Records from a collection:
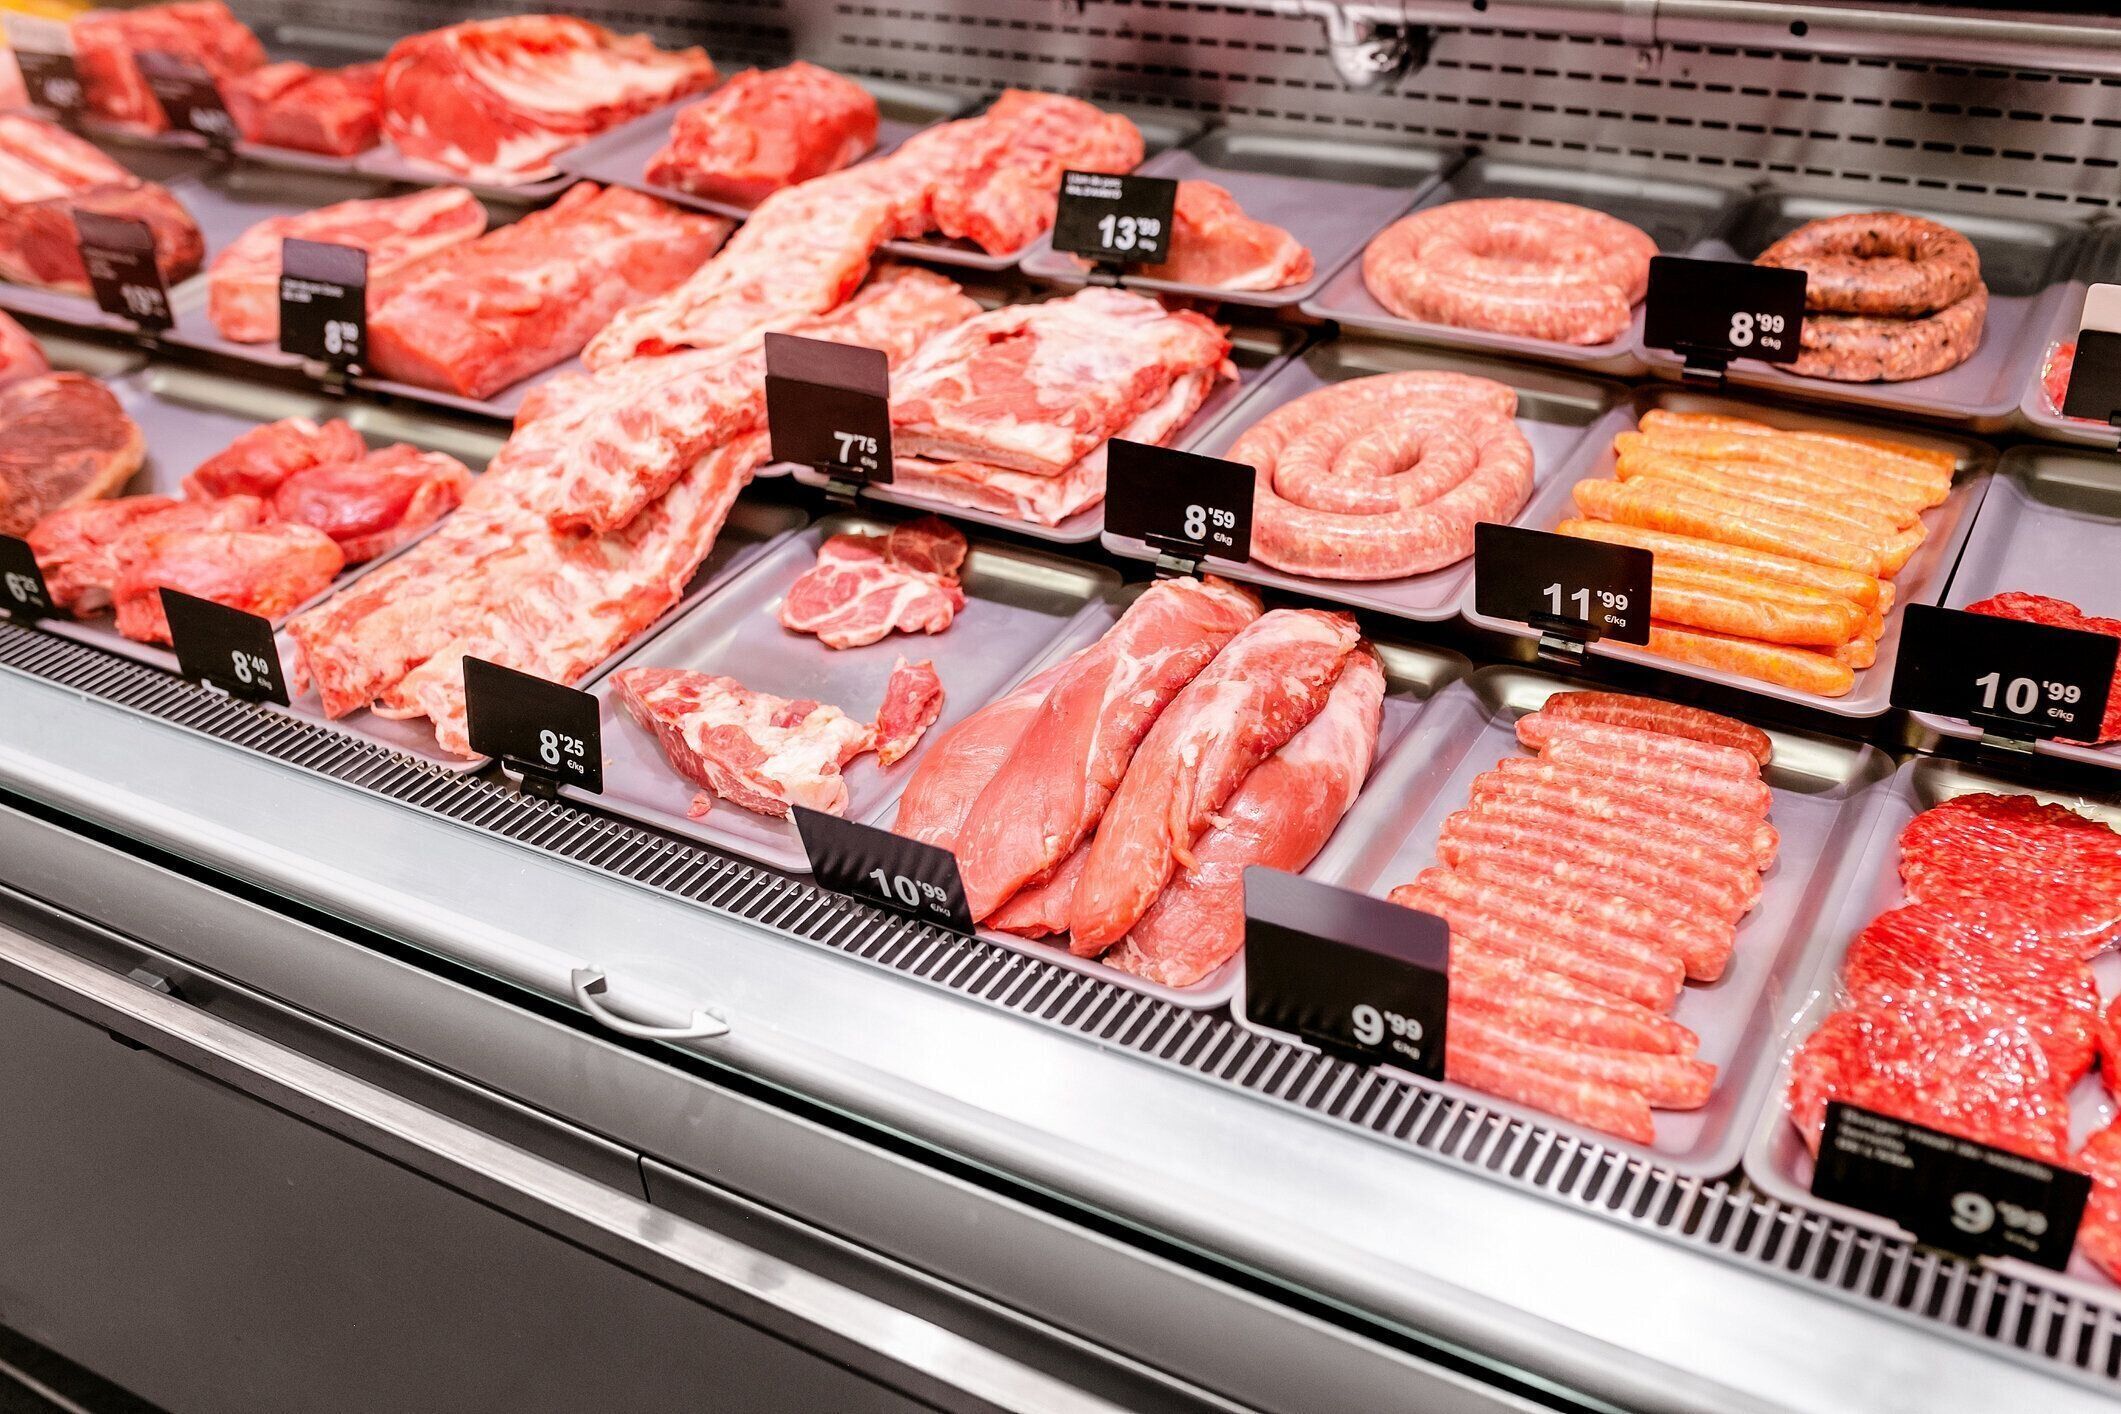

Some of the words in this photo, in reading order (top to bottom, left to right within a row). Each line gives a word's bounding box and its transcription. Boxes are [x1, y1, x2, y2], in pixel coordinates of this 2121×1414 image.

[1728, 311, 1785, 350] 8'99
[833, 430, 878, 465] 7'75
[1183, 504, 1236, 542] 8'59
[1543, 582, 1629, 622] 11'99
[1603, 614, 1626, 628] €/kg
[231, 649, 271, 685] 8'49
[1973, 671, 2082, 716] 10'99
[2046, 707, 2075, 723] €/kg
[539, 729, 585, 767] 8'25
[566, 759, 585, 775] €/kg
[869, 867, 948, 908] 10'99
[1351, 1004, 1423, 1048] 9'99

**WORK REQUIRED**: Transcribe every record above exactly, leaving out the pictures.

**EXERCISE SOLUTION**:
Some of the words in this photo, in reading order (top to bottom, left to right within a row). Each line gives a word's bounding box and its transcription. Boxes are [x1, y1, x2, y2], in pixel coordinates of this 2121×1414 image.

[1728, 311, 1785, 350] 8'99
[833, 430, 878, 465] 7'75
[1183, 504, 1236, 542] 8'59
[1543, 582, 1629, 622] 11'99
[1603, 614, 1626, 628] €/kg
[231, 649, 271, 685] 8'49
[1973, 671, 2082, 716] 10'99
[2046, 707, 2075, 723] €/kg
[539, 729, 585, 767] 8'25
[566, 759, 585, 775] €/kg
[869, 867, 948, 908] 10'99
[1351, 1004, 1423, 1048] 9'99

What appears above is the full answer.